Weight loss in the U.S. – An analysis of NHANES data with tidyverse

[This article was first published on R Programming – DataScience+, and kindly contributed to R-bloggers]. (You can report issue about the content on this page here)
Want to share your content on R-bloggers? click here if you have a blog, or here if you don't.

Based on a paper published in JAMA last year, the weight gain is increasing among US adults while there is no difference in the percentage of people that were trying to lose weight. The authors used the data from the National Health and Nutrition Examination Survey NHANES from 1988 to 2014 and calculated the proportion of people tried to lose weight during the past 12 months.

Logistic regression analysis was used to estimate the odds of trying to lose weight for different periods from 1988 to 2014. I would like to reproduce these findings with R, given that NHANES data is publically available.

Libraries and Datasets

Load libraries

library(tidyverse)
library(RNHANES)
library(weights)
library(ggsci)
library(ggthemes)

The authors utilized the data from 1988 to 2014, but since the RNHANES package enables the data starting from 1999, I will include data from 1999 to 2014. Therefore, I cannot fully reproduce the results of the paper publish at JAMA.

Load the data using nhanes_load_data function from RNHANES package.

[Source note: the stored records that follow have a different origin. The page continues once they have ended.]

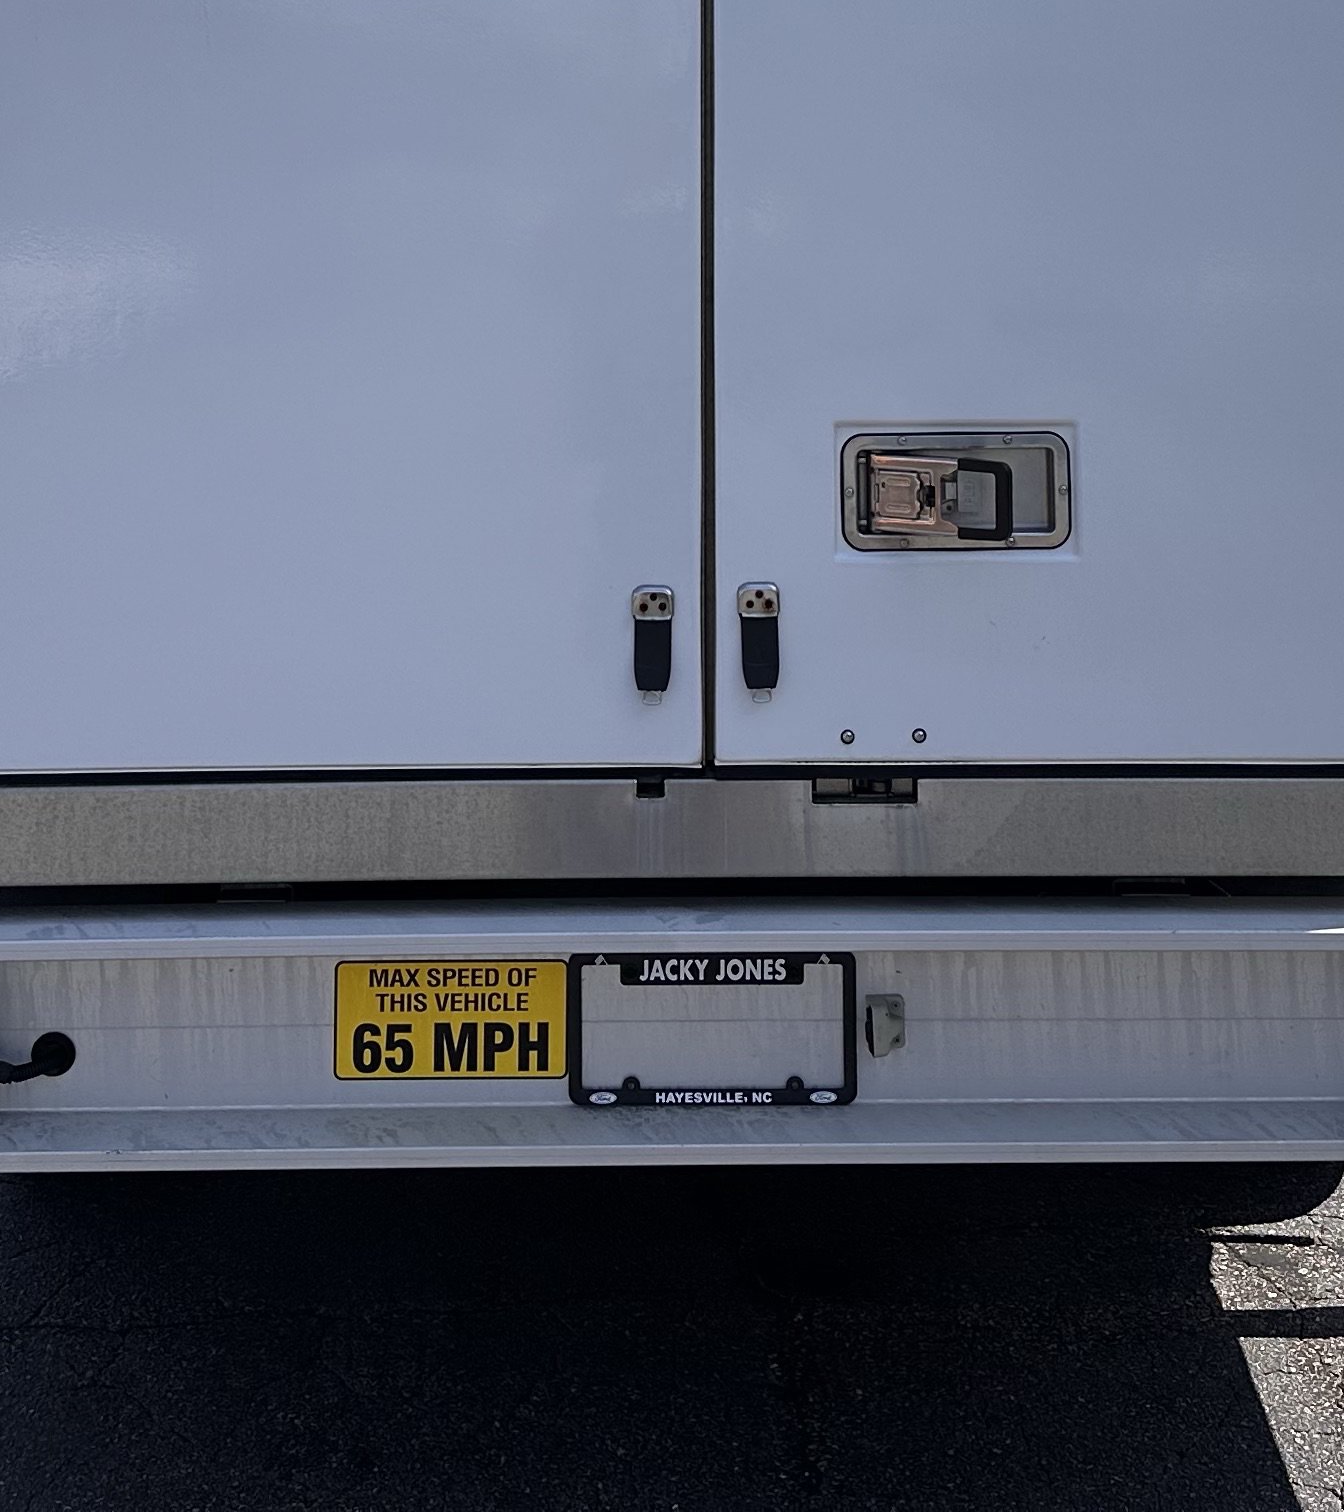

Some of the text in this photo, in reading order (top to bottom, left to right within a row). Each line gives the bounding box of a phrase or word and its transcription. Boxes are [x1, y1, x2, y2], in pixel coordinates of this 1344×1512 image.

[369, 967, 537, 988] MAX SPEED OF
[639, 958, 787, 982] JACKY JONES
[375, 992, 529, 1013] THIS VEHICLE
[352, 1021, 549, 1074] 65 MPH
[655, 1091, 773, 1103] HAYESVILLE, NC

d99 = nhanes_load_data("DEMO", "1999-2000") %>%
  select(SEQN, cycle, RIAGENDR, RIDAGEYR, RIDRETH1, RIDEXPRG, INDFMINC, WTINT2YR, WTMEC2YR) %>%
  transmute(SEQN=SEQN, wave=cycle, RIAGENDR, RIDAGEYR, RIDRETH1, RIDEXPRG, INDFMINC, WTINT2YR, WTMEC2YR) %>%
  left_join(nhanes_load_data("BMX", "1999-2000"), by="SEQN") %>%
  select(SEQN, wave, RIAGENDR, RIDAGEYR, RIDRETH1, RIDEXPRG, INDFMINC, WTINT2YR, WTMEC2YR, BMXBMI) %>%
  left_join(nhanes_load_data("WHQ", "1999-2000"), by="SEQN") %>%
  select(SEQN, wave, RIAGENDR, RIDAGEYR, RIDRETH1, RIDEXPRG, INDFMINC, WTINT2YR, WTMEC2YR, BMXBMI, WHQ070)

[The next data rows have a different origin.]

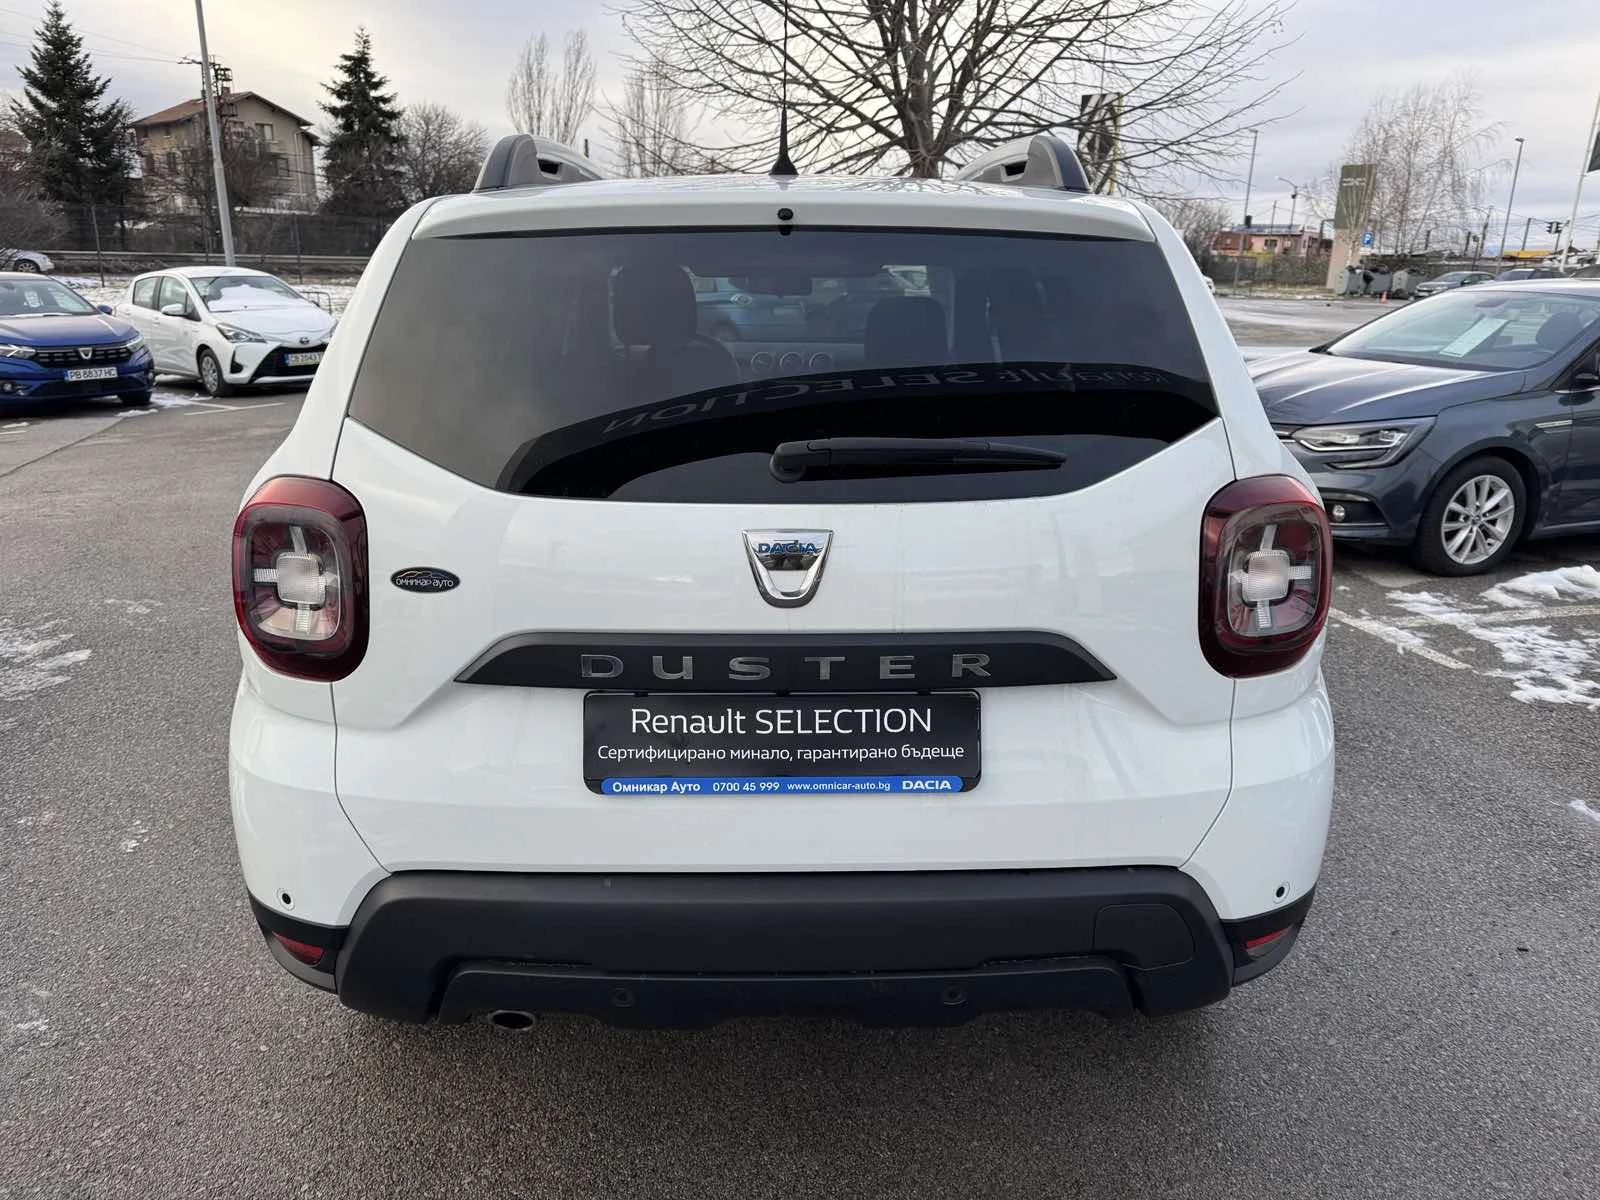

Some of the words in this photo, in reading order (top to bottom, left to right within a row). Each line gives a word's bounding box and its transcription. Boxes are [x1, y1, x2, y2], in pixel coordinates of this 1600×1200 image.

[757, 541, 817, 553] DACIA
[580, 653, 992, 681] DUSTER
[631, 708, 746, 734] Renault
[755, 708, 932, 734] SELECTION
[597, 745, 726, 763] Сертифицирано
[730, 749, 793, 761] минало,
[797, 748, 898, 763] гарантирано
[901, 744, 965, 760] бъдеще
[612, 782, 668, 794] Омникар
[670, 781, 701, 794] Ауто
[712, 782, 741, 792] 0700
[742, 782, 757, 792] 45
[759, 781, 780, 792] 999
[786, 781, 891, 792] www.omnicar-auto.bg
[902, 780, 952, 790] DACIA

d01 = nhanes_load_data("DEMO_B", "2001-2002") %>% 
  select(SEQN, cycle, RIAGENDR, RIDAGEYR, RIDRETH1, RIDEXPRG, INDFMINC, WTINT2YR, WTMEC2YR) %>%
  transmute(SEQN=SEQN, wave=cycle, RIAGENDR, RIDAGEYR, RIDRETH1, RIDEXPRG, INDFMINC, WTINT2YR, WTMEC2YR) %>%
  left_join(nhanes_load_data("BMX_B", "2001-2002"), by="SEQN") %>%
  select(SEQN, wave, RIAGENDR, RIDAGEYR, RIDRETH1, RIDEXPRG, INDFMINC, WTINT2YR, WTMEC2YR, BMXBMI) %>%
  left_join(nhanes_load_data("WHQ_B", "2001-2002"), by="SEQN") %>%
  select(SEQN, wave, RIAGENDR, RIDAGEYR, RIDRETH1, RIDEXPRG, INDFMINC, WTINT2YR, WTMEC2YR, BMXBMI, WHQ070)

d03 = nhanes_load_data("DEMO_C", "2003-2004") %>%
  select(SEQN, cycle, RIAGENDR, RIDAGEYR, RIDRETH1, RIDEXPRG, INDFMINC, WTINT2YR, WTMEC2YR) %>%
  transmute(SEQN=SEQN, wave=cycle, RIAGENDR, RIDAGEYR, RIDRETH1, RIDEXPRG, INDFMINC, WTINT2YR, WTMEC2YR) %>%
  left_join(nhanes_load_data("BMX_C", "2003-2004"), by="SEQN") %>%
  select(SEQN, wave, RIAGENDR, RIDAGEYR, RIDRETH1, RIDEXPRG, INDFMINC, WTINT2YR, WTMEC2YR, BMXBMI) %>%
  left_join(nhanes_load_data("WHQ_C", "2003-2004"), by="SEQN") %>%
  select(SEQN, wave, RIAGENDR, RIDAGEYR, RIDRETH1, RIDEXPRG, INDFMINC, WTINT2YR, WTMEC2YR, BMXBMI, WHQ070)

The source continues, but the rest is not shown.